Saved data entries:
>>>

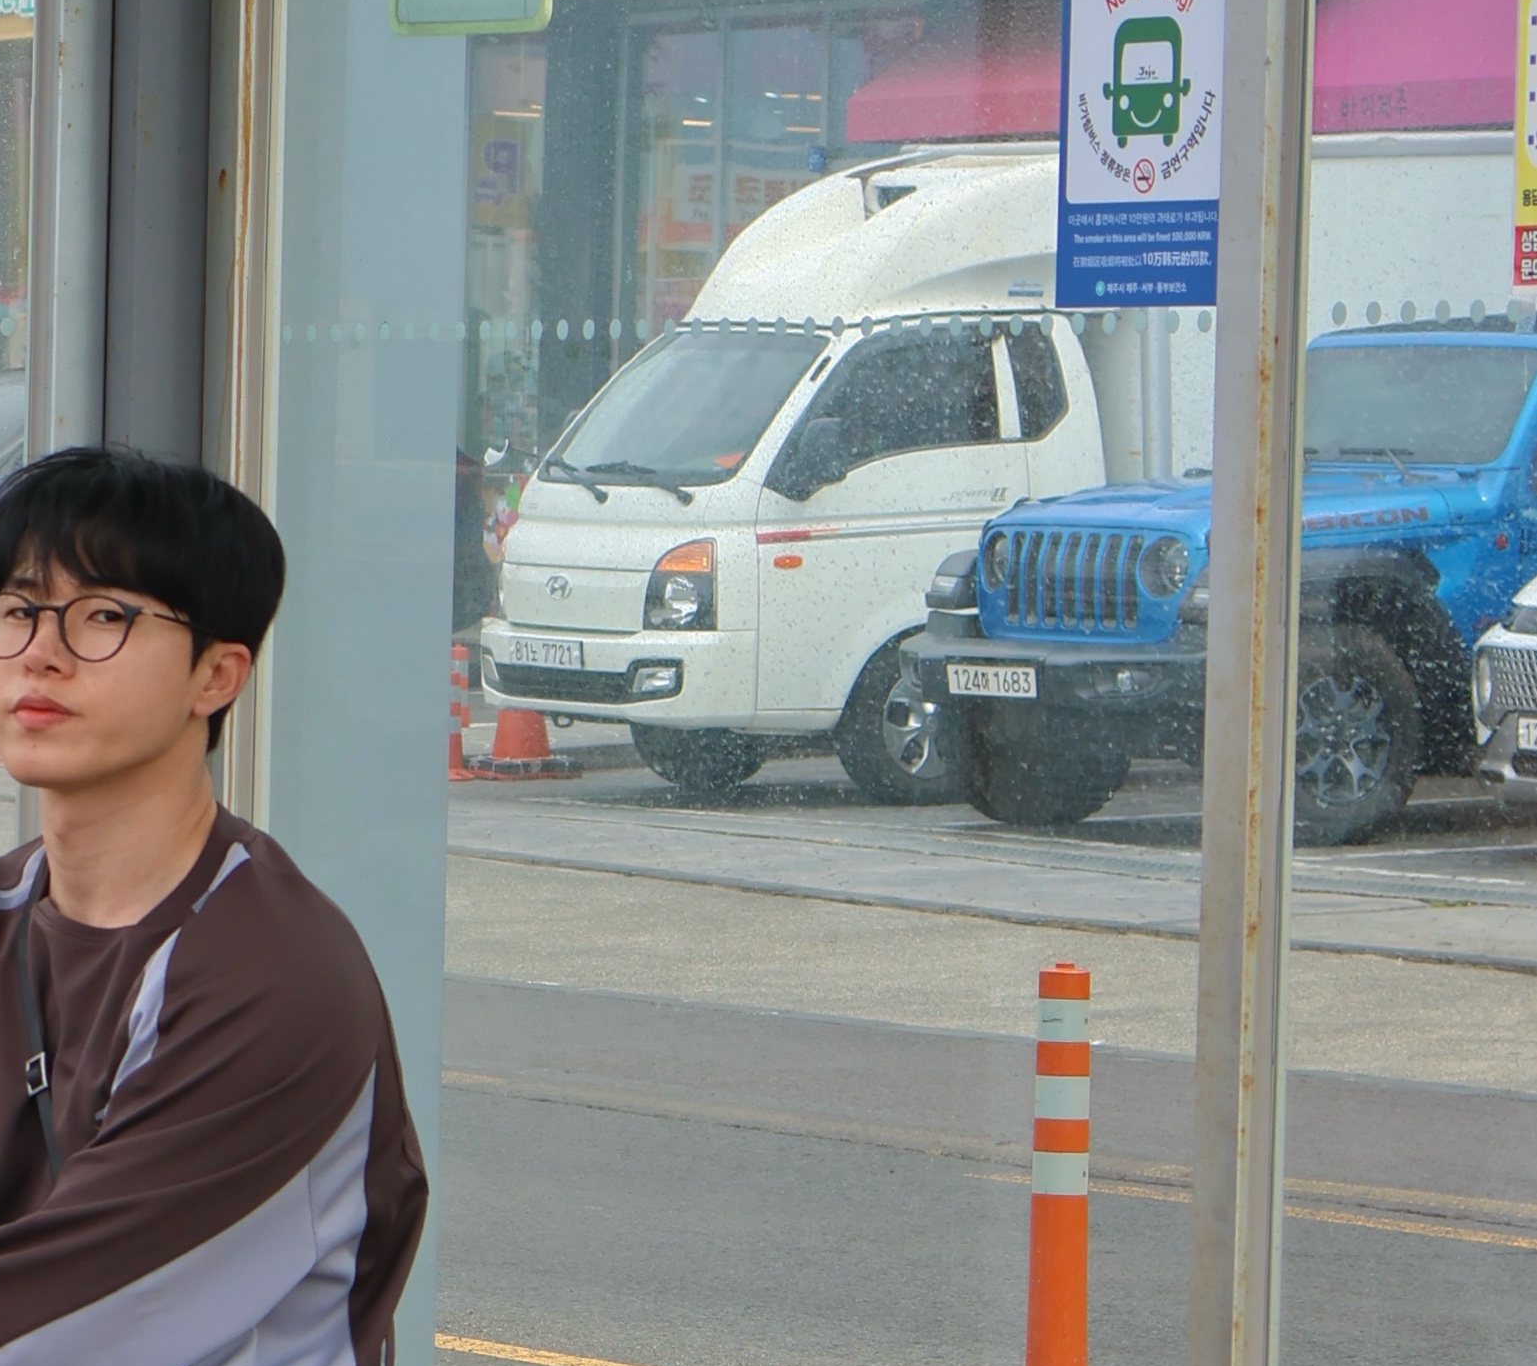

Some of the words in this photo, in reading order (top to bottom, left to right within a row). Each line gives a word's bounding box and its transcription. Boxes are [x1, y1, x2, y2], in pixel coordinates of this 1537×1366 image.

[1161, 90, 1216, 180] 금연구역입니다
[1074, 234, 1084, 244] The
[515, 640, 538, 662] 81노
[543, 643, 573, 666] 7721
[993, 670, 1032, 694] 1683

<<<

**INSTRUCTIONS FOR THE TASK**: Without the pictures, return the entries exactly as they appear.

**EXERCISE RESULT**:
Some of the words in this photo, in reading order (top to bottom, left to right within a row). Each line gives a word's bounding box and its transcription. Boxes are [x1, y1, x2, y2], in pixel coordinates of this 1537×1366 image.

[1161, 90, 1216, 180] 금연구역입니다
[1074, 234, 1084, 244] The
[515, 640, 538, 662] 81노
[543, 643, 573, 666] 7721
[993, 670, 1032, 694] 1683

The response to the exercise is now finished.